===== Input records

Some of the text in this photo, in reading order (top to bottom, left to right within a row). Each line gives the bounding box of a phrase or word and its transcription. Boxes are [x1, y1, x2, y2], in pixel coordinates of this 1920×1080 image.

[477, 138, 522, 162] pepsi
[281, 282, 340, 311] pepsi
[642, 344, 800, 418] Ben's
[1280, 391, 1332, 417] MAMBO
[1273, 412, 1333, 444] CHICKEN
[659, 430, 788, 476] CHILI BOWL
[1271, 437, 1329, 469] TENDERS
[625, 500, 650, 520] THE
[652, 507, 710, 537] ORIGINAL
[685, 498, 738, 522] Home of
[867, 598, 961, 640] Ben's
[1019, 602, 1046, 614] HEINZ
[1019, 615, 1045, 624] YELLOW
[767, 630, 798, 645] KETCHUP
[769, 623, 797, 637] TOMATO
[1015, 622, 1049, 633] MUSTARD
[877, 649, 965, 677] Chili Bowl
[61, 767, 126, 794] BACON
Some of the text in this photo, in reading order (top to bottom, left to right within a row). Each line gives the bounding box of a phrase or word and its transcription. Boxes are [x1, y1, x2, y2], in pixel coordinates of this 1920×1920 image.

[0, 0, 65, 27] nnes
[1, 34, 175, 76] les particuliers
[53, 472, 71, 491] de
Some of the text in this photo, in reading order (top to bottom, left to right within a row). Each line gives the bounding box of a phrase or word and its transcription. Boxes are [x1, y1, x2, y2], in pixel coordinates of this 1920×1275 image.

==========

**Task to complete**
Retype the whole listing, matching it exactly.

**Your response**
Some of the text in this photo, in reading order (top to bottom, left to right within a row). Each line gives the bounding box of a phrase or word and its transcription. Boxes are [x1, y1, x2, y2], in pixel coordinates of this 1920×1080 image.

[477, 138, 522, 162] pepsi
[281, 282, 340, 311] pepsi
[642, 344, 800, 418] Ben's
[1280, 391, 1332, 417] MAMBO
[1273, 412, 1333, 444] CHICKEN
[659, 430, 788, 476] CHILI BOWL
[1271, 437, 1329, 469] TENDERS
[625, 500, 650, 520] THE
[652, 507, 710, 537] ORIGINAL
[685, 498, 738, 522] Home of
[867, 598, 961, 640] Ben's
[1019, 602, 1046, 614] HEINZ
[1019, 615, 1045, 624] YELLOW
[767, 630, 798, 645] KETCHUP
[769, 623, 797, 637] TOMATO
[1015, 622, 1049, 633] MUSTARD
[877, 649, 965, 677] Chili Bowl
[61, 767, 126, 794] BACON
Some of the text in this photo, in reading order (top to bottom, left to right within a row). Each line gives the bounding box of a phrase or word and its transcription. Boxes are [x1, y1, x2, y2], in pixel coordinates of this 1920×1920 image.

[0, 0, 65, 27] nnes
[1, 34, 175, 76] les particuliers
[53, 472, 71, 491] de
Some of the text in this photo, in reading order (top to bottom, left to right within a row). Each line gives the bounding box of a phrase or word and its transcription. Boxes are [x1, y1, x2, y2], in pixel coordinates of this 1920×1275 image.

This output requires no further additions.